On 15/12/16 23:46, je wrote:
> I do not believe that developing a commercial operating system
based on an
> open source foundation will pay off on a long run.
Is there a specific reason you think it will not? Just curious.
1. Selling a license provides a one time payment. Even if you are able
to sell 100_000 licenses for 40 you would earn
4_000_000, but the same companies will not buy a license the year
after that. Which means no constant income for the long run.
Most companies will stick with one version of the product till they
really have a reason to upgrade.
Because, the costs for upgrading are actually higher than the costs of
the license and upgrades involve the risk of causing
disruption (problems during the upgrade, which blocks employees from
getting their work done. Which again means I loose money).
With other words Qubes OS will be stuck with one version for years.
2. The simple question is how can you sell a product which contains
mostly GPL licensed code (Xen, Linux Kernel)
which everybody can download and compile for free?
RHEL sells support subscriptions. They offer support (10 years
backporting, customer support etc.) and most important they offer a
platform for other business software.
The work RedHat constantly invests in their RHEL can not be easily
replicated and that is the reason why CentOS is not a competitor.

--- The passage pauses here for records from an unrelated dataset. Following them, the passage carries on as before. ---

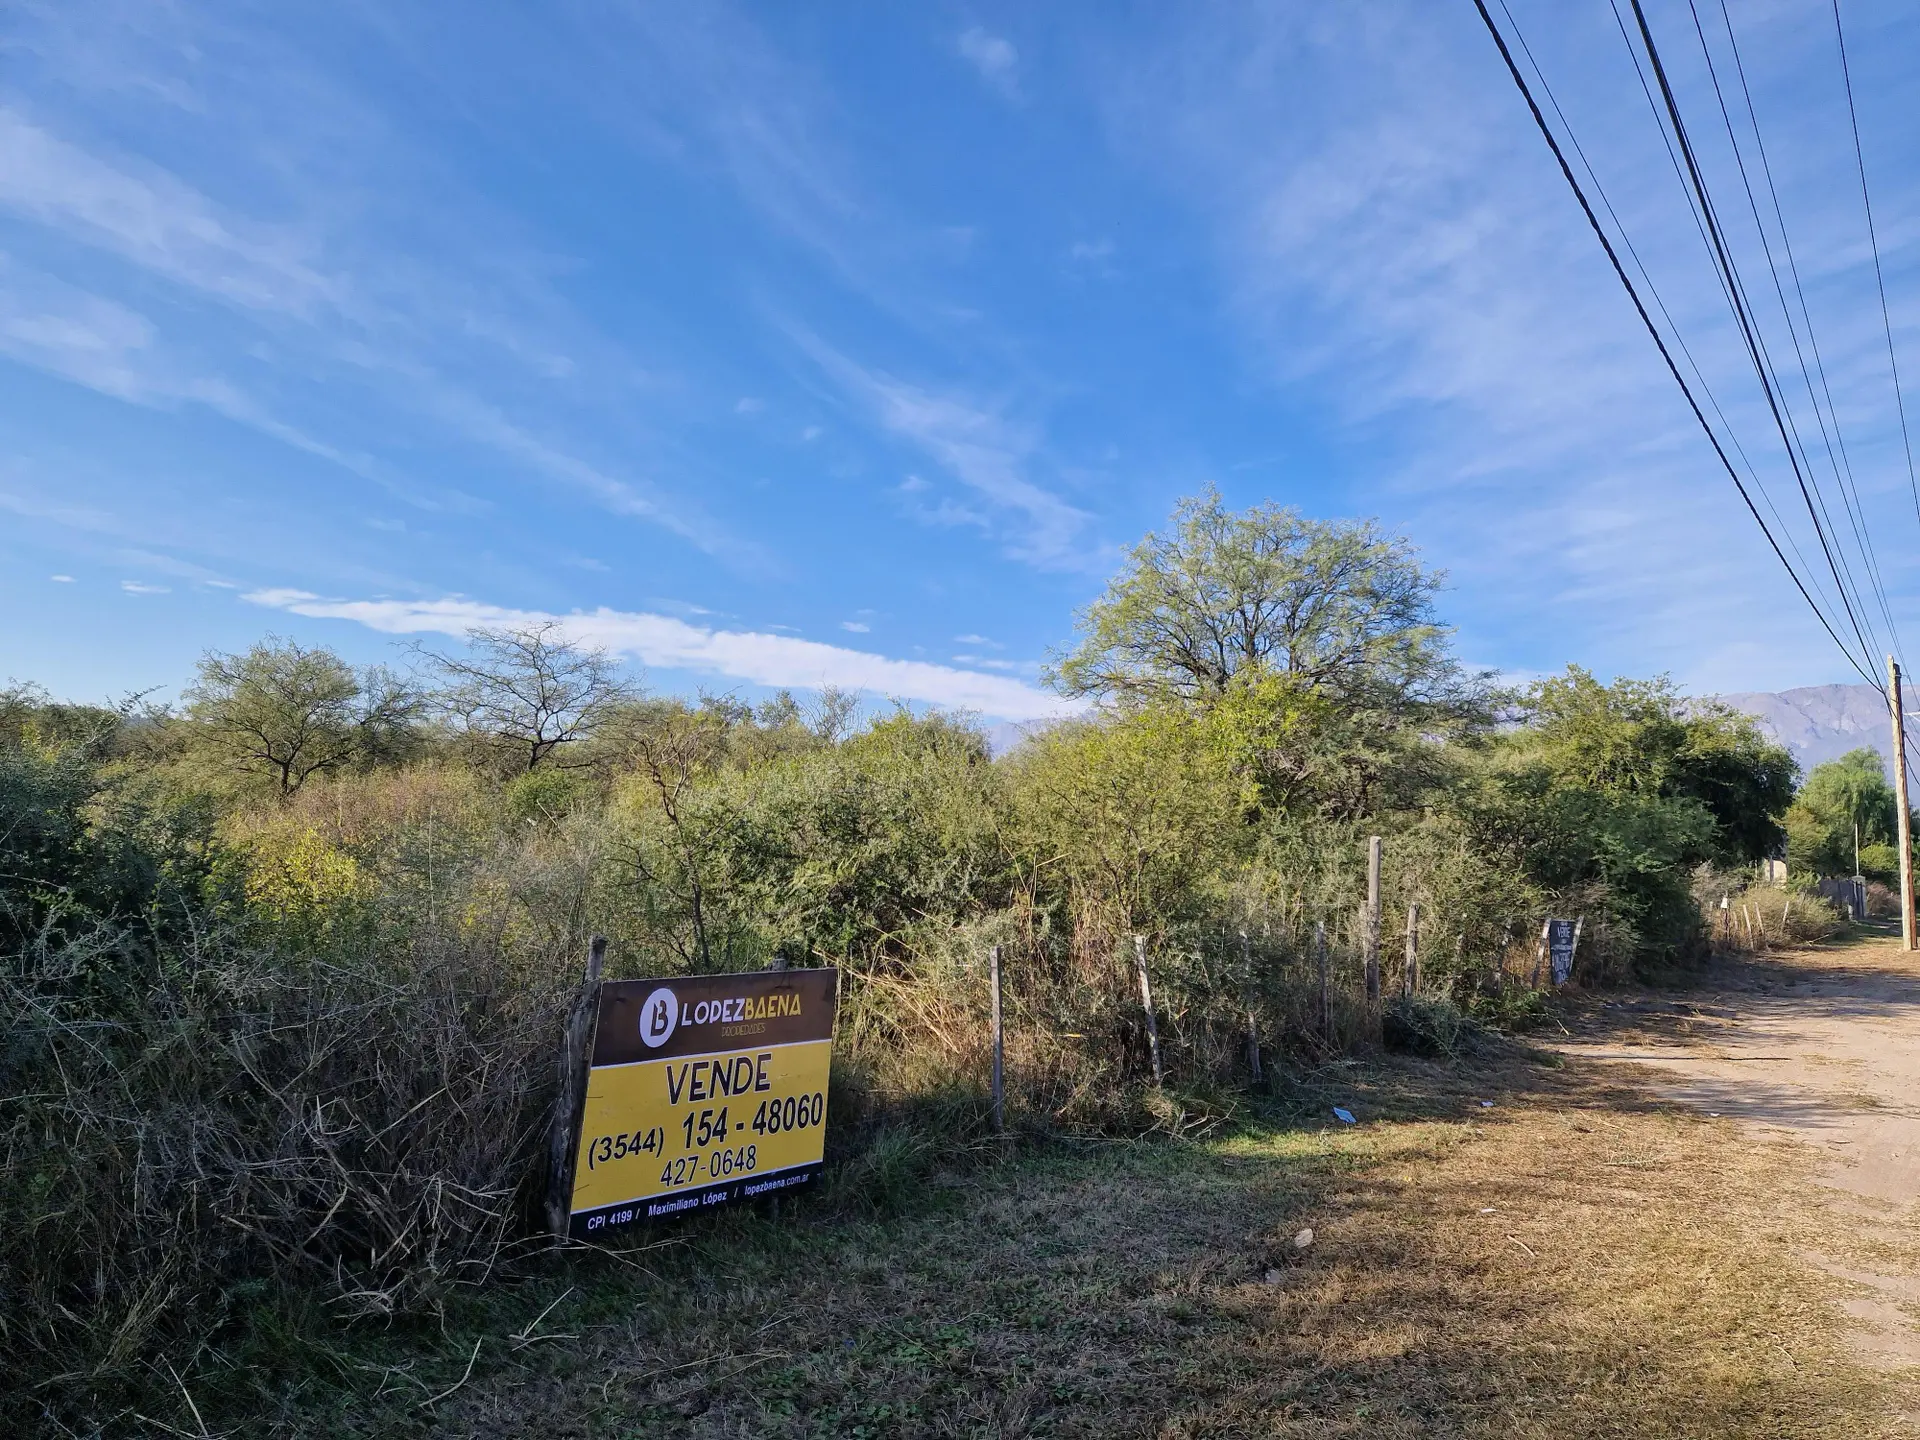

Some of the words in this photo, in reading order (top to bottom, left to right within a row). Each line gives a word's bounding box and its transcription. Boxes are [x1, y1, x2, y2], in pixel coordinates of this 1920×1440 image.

[666, 1053, 772, 1105] VENDE
[588, 1126, 665, 1170] (3544)
[682, 1106, 729, 1149] 154
[752, 1092, 824, 1136] 48060
[659, 1145, 757, 1187] 427-0648
[588, 1214, 606, 1230] CPI
[610, 1209, 633, 1225] 4199
[648, 1196, 699, 1217] Maximiliano
[702, 1191, 728, 1206] López
[744, 1173, 810, 1197] lopezbaena.com.ar
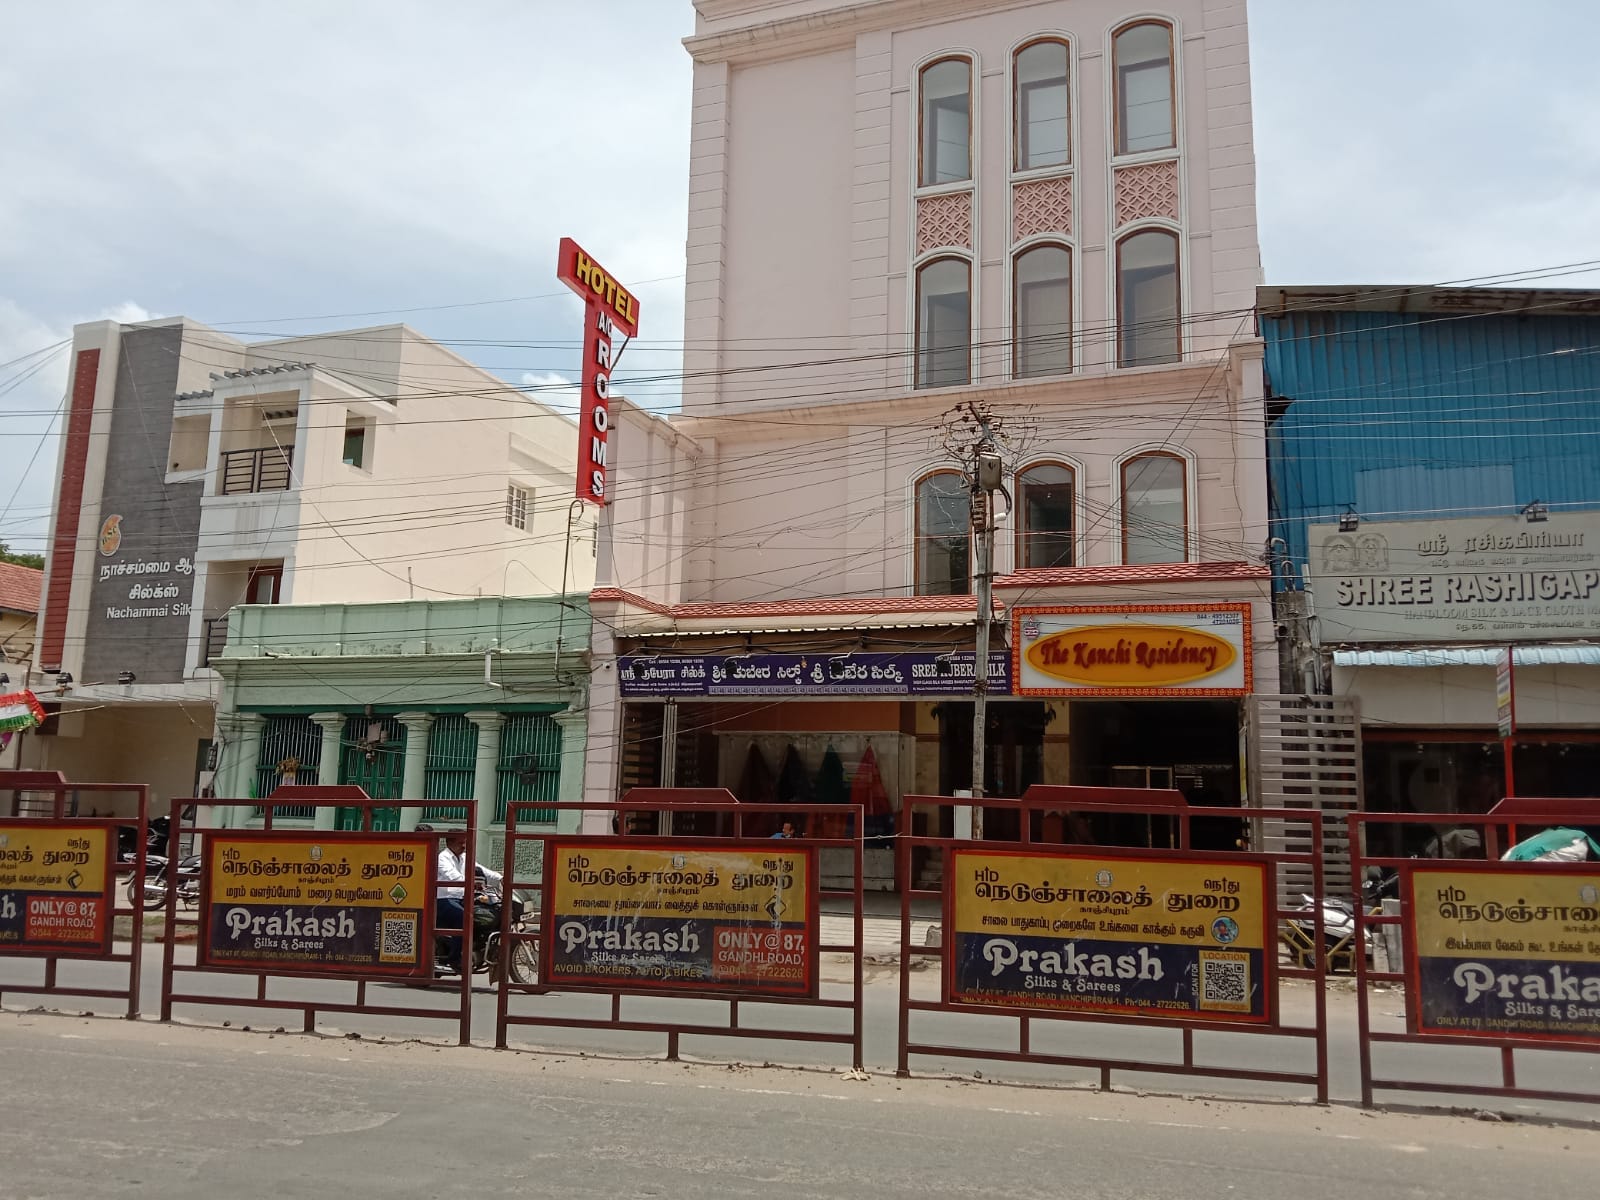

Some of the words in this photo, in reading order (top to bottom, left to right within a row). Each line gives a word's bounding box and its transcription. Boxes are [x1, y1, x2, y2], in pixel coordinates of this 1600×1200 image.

[577, 252, 635, 325] HOTEL
[596, 311, 612, 337] A/C
[591, 338, 611, 496] ROOMS
[175, 558, 197, 574] ஆ
[129, 583, 179, 600] சில்க்ஸ்
[1337, 576, 1433, 607] SHREE
[1445, 570, 1600, 604] RASHIGAP
[107, 604, 168, 618] Nachammai
[1471, 607, 1497, 618] SILK
[1545, 605, 1585, 616] CLOTH
[1041, 639, 1069, 665] The
[1073, 638, 1130, 669] Kanchi
[1135, 638, 1217, 671] Residency
[912, 664, 937, 677] SREE
[987, 663, 1006, 677] ILK
[43, 849, 89, 865] துறை
[222, 857, 351, 877] நெடுஞ்சாலைத்
[361, 863, 414, 879] துறை
[568, 865, 720, 888] நெடுஞ்சாலைத்
[732, 871, 794, 891] துறை
[226, 885, 246, 898] மரம்
[249, 885, 301, 899] வளர்ப்போம்
[308, 888, 331, 902] மழை
[335, 887, 383, 903] பெறுவோம்
[975, 881, 1153, 908] நெடுஞ்சாலைத்
[1168, 894, 1240, 913] துறை
[30, 901, 64, 915] ONLY
[65, 901, 77, 915] @
[80, 902, 96, 919] 87,
[384, 912, 415, 920] LOCATION
[1080, 905, 1130, 916] காஞ்சிபுரம்
[30, 917, 65, 926] GANDHI
[66, 917, 96, 929] ROAD,
[225, 907, 356, 940] Prakash
[982, 916, 1008, 927] சாலை
[1011, 916, 1050, 931] பாதுகாப்பு
[1142, 921, 1176, 937] காக்கும்
[254, 937, 278, 949] Silks
[280, 939, 288, 950] &
[291, 938, 324, 950] Sarees
[559, 921, 700, 953] Prakash
[718, 931, 761, 949] ONLY
[764, 933, 782, 950] @
[783, 934, 805, 953] 87,
[591, 952, 617, 963] Silks
[718, 951, 765, 964] GANDHI
[766, 952, 804, 967] ROAD,
[982, 938, 1165, 981] Prakash
[1202, 952, 1247, 961] LOCATION
[554, 964, 582, 974] AVOID
[585, 964, 633, 976] BROKERS,
[636, 966, 661, 977] AUTO
[674, 967, 704, 978] BIKES
[1024, 975, 1057, 989] Silks
[1062, 978, 1072, 992] &
[1076, 979, 1121, 993] Sarees
[1138, 999, 1151, 1007] 044
[1505, 1001, 1544, 1016] Silks
[1550, 1005, 1562, 1019] &
[1436, 1016, 1458, 1026] ONLY

3. Security is a process and not a product. As an enterprise customer
I want to have constant updates and upgrades, security bulletins and
other security information.
I want to know if DirtyCOW, hardbleed or other security flaws affect
my business if I use Qubes OS or not?
Furthermore, I believe that the Qubes OS team and ITL does not
understand what Qubes OS could offer on an enterprise level.
--
I am working with IT strategy myself. Enterprise needs are clearly
completely different from SMB, etc., so in that sense we are talking
about two entirely different strategies and support models. I think
Qubes should pursue both, but with two distinctly different teams in
charge, with the suitable understanding of each area.

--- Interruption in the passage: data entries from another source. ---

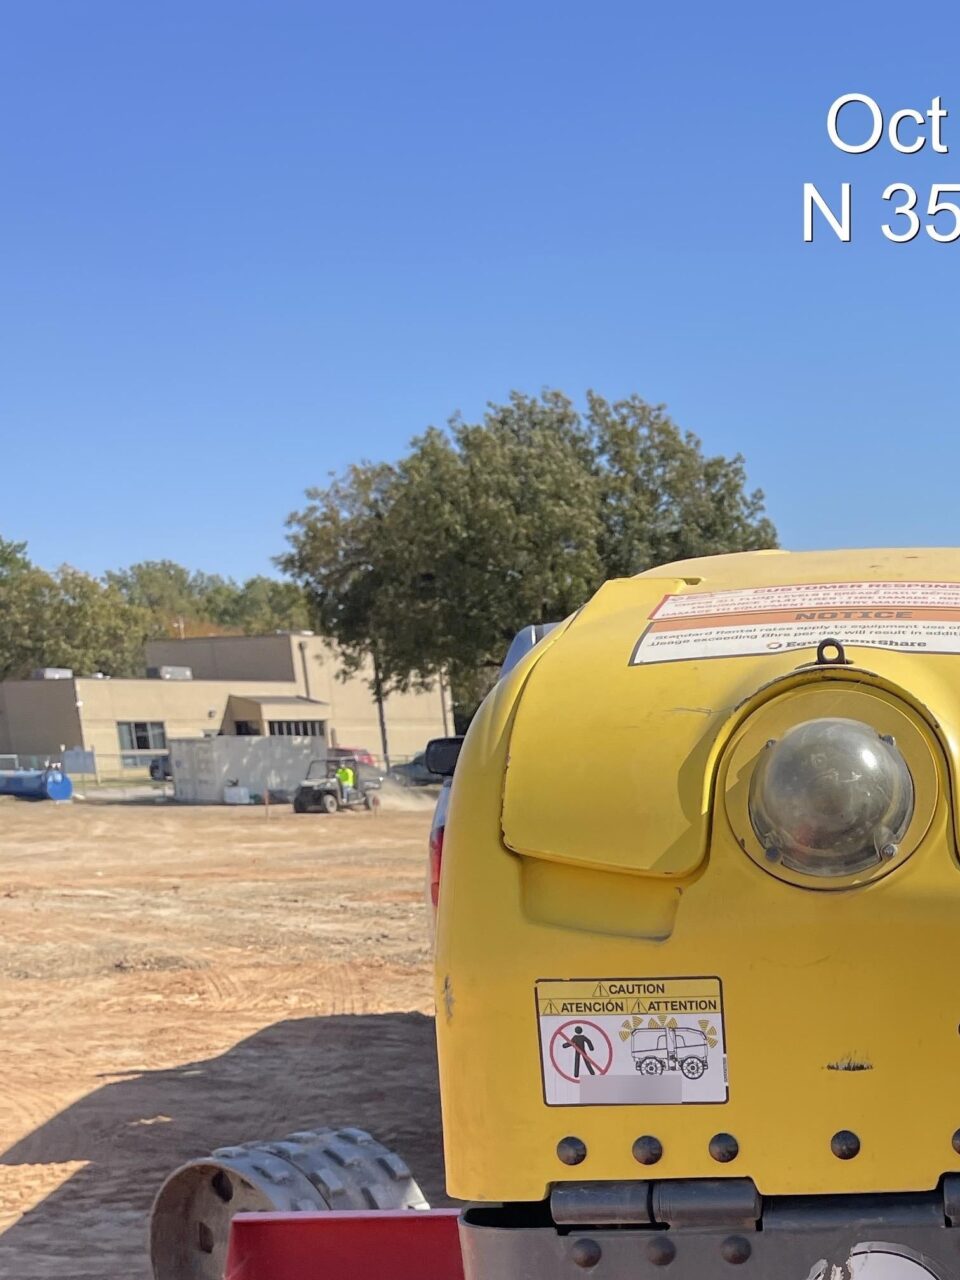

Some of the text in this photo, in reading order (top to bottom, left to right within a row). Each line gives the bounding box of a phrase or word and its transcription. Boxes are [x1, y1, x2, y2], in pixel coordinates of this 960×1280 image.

[753, 584, 863, 593] CUSTOMER
[794, 611, 914, 621] NOTICE
[654, 632, 713, 640] Standard
[796, 624, 831, 632] apply
[693, 634, 758, 643] exceeding
[785, 639, 927, 648] EquimentShare
[608, 983, 665, 995] CAUTION
[560, 998, 718, 1013] ATENCIÓN ATTENTION

As the whole industry (and society at large) continues to mature into
various ways of readiiness for Open-Source things, I am quite sure that
we will see a growing market among SMB's that are willing to pay for
support and related peace-of-mind aspects even if it is possible to
compile everything oneself. It is worth paying to "delegate" both such
manual work and to avoid keeping up on the related competence race.
A license is one thing, perhaps even limited in time, but an
accompanying support agreement is yet another. Both are needed, IMO.
There is also a middle ground here - Take for example me:
I would like to offer entry-level services to clients, who all will pay
the license + pay for my services. In turn, I want to be a
professional-level client of Qubes support, so that I can get their
backup when there is something I run into which I cannot answer or solve
properly for my entry-level clientele. So I would be willing to pay a
professional support membership of some sorts.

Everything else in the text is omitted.